In many countries the use of therapies, especially high value cancer treatments are regulated by governments and prices capped or strictly negotiated. In the U.S. the prices are neither negotiated, nor capped and Pharma companies are allowed to alter prices every year. Aside from the rights or wrongs or the Pharma companies pricing strategy, the inability of companies to negotiate the price they pay means that higher pricing policies are untouchable.

The other factor that seems to affect the price of drugs in the U.S. is the spiraling costs applied as patent end approaches. In recent years this has seen the price of some products rise by almost 50% in the final years of patent protection.

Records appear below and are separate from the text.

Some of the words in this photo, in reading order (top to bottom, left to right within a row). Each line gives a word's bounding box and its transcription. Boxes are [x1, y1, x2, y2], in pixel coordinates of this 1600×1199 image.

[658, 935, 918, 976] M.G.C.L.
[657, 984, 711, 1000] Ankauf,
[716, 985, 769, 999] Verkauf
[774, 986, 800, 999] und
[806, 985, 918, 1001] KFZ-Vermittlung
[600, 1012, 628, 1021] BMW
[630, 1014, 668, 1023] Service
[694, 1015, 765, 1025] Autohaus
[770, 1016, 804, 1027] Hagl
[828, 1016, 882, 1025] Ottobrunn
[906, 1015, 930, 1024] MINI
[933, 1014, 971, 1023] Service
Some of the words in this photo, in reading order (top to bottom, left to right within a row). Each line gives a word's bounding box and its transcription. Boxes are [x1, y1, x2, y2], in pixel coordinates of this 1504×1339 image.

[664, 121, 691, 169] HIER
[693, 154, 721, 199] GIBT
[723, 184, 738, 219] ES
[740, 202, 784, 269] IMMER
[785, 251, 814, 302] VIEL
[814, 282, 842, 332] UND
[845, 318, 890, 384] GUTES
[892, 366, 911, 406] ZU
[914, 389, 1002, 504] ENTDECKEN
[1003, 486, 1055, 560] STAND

In other countries the same drug is available at a fraction of the cost, but is this not a failure of the legislative system to protect the patient?

The situation that the health system in the U.S. is predominantly private and provided for by health insurance will always be dragged in to discussion. The mere fact that drug therapies are paid for by insurance coverage with related premiums will always mean there are the ‘haves’ and ‘have-nots’. The countries that have nationalized healthcare systems seem also to have much tighter control of what they are prepared to pay for high value treatments. The costs applied by Pharma companies will have a direct impact on patient outcomes as to whether or not they can afford the protection against disease, but this can only be underpinned by the insurance funded care system that is in place. Of course there is a moral issue here that needs to be constrained, but that comes back to negotiation.

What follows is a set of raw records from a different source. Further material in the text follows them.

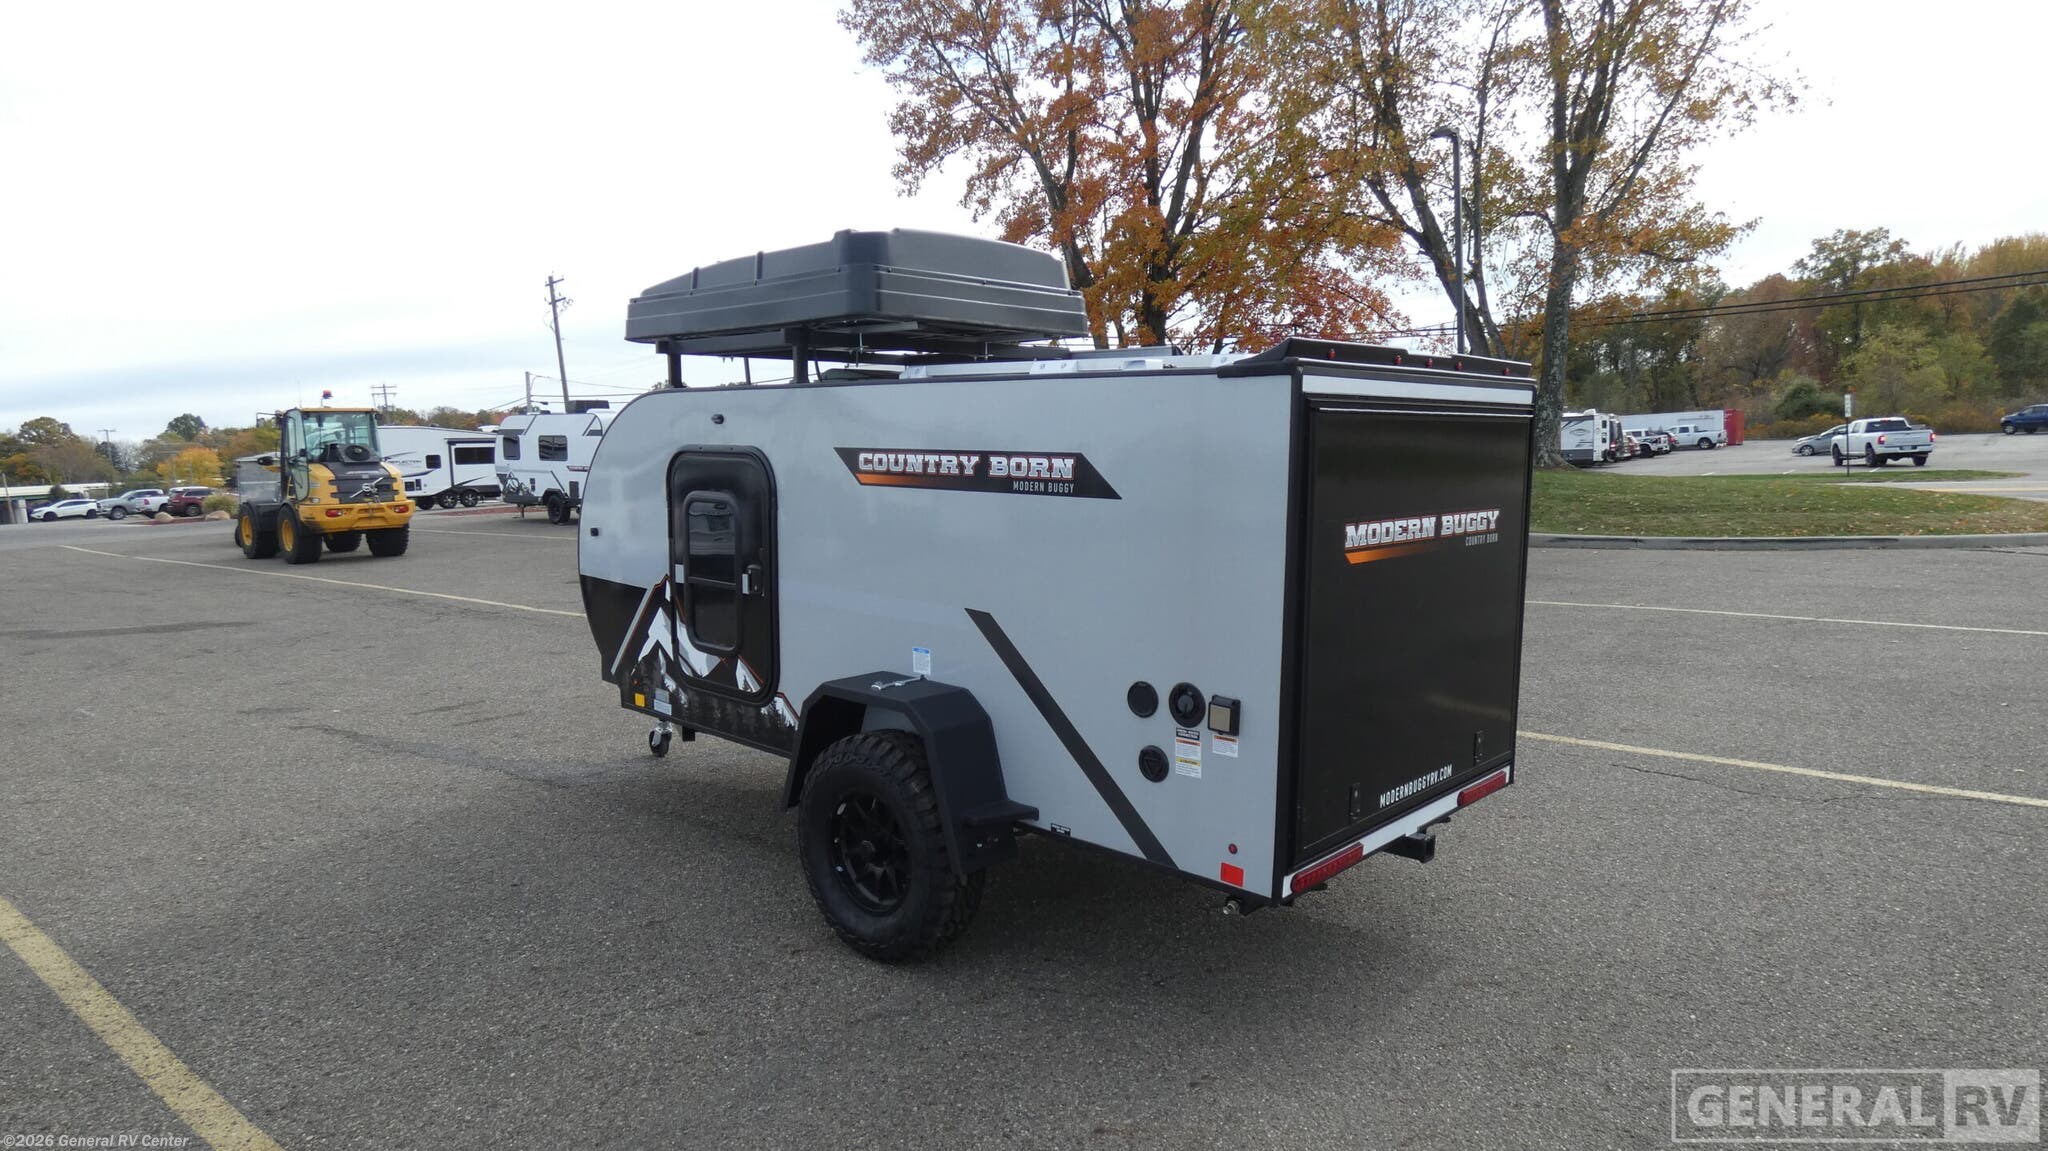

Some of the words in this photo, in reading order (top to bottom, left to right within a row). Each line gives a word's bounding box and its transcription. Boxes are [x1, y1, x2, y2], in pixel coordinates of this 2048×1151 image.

[858, 452, 979, 475] COUNTRY
[989, 456, 1075, 479] BORN
[1013, 481, 1045, 492] MODERN
[1048, 482, 1075, 493] BUGGY
[1345, 516, 1437, 548] MODERN
[1440, 509, 1500, 536] BUGGY
[1379, 763, 1453, 809] MODERNBUGGYRV.COM

Pharma companies justify the costs of their drugs on various levels. The biggest outlay is the cost or R&D, which include not only the successful drug candidates, but also the ones that fall away on the pathway of development and clinical trials prior to reaching the pharmacy. Some companies have argued that the elevated cost of cancer drugs in the U.S. is partly due to the fact they cannot recover their costs elsewhere, but this being the case, should legislation not protect the people who bear the brunt of paying for it?
There are of course various other spending avenues in bringing a drug to market, but many argue that the pricing strategy of Pharma companies’ cancer drugs are misaligned with their R&D costs. The truth of the matter is that Pharma is a business, and although there are moral aspects attached to the pricing of drugs, if governments are not prepared to protect citizens by putting legislation into place, it is difficult to blame commercial entities for their pricing tariffs, which they will strongly defend. The fact that the U.S. seems to be targeted by Pharma companies with over-inflated drug costs must suggest that it is an easy target due to lack of regulation and the hand-ties that have been applied to insurance companies in a private healthcare system and an unregulated pricing policy. In fact while other countries seem to be working with Pharma companies to restrict drug costs, it seems that the Medicare Acts of 2003 and 2006 have triggered the increase and allowed it to spiral. Arguably these Acts came into being as a result of healthcare and pharmaceutical lobbyists, however the outcome of this legislation has now been observed and maybe it’s time to rethink?

Many of the suggestions that Dr. Rajkumar and Dr. Kantarjian present seem sensible and follow-on from practices in other countries that have been less exposed to the price hikes that have been observed in the U.S. Reinforce the power of Medicare and other providers to negotiate, ensure cancer guidelines incorporate cost versus benefit analysis, allow patients to determine which country supplies their drug, etc. But most of all, it seems that legislation is needed to protect the patients who pay into the healthcare system and ensure that negotiation power, government controls and moral behaviors from Pharma companies mean that cancer sufferers have access to therapies evaluated on potential outcomes, not simply whether or not they can afford drugs which are priced out of their reach.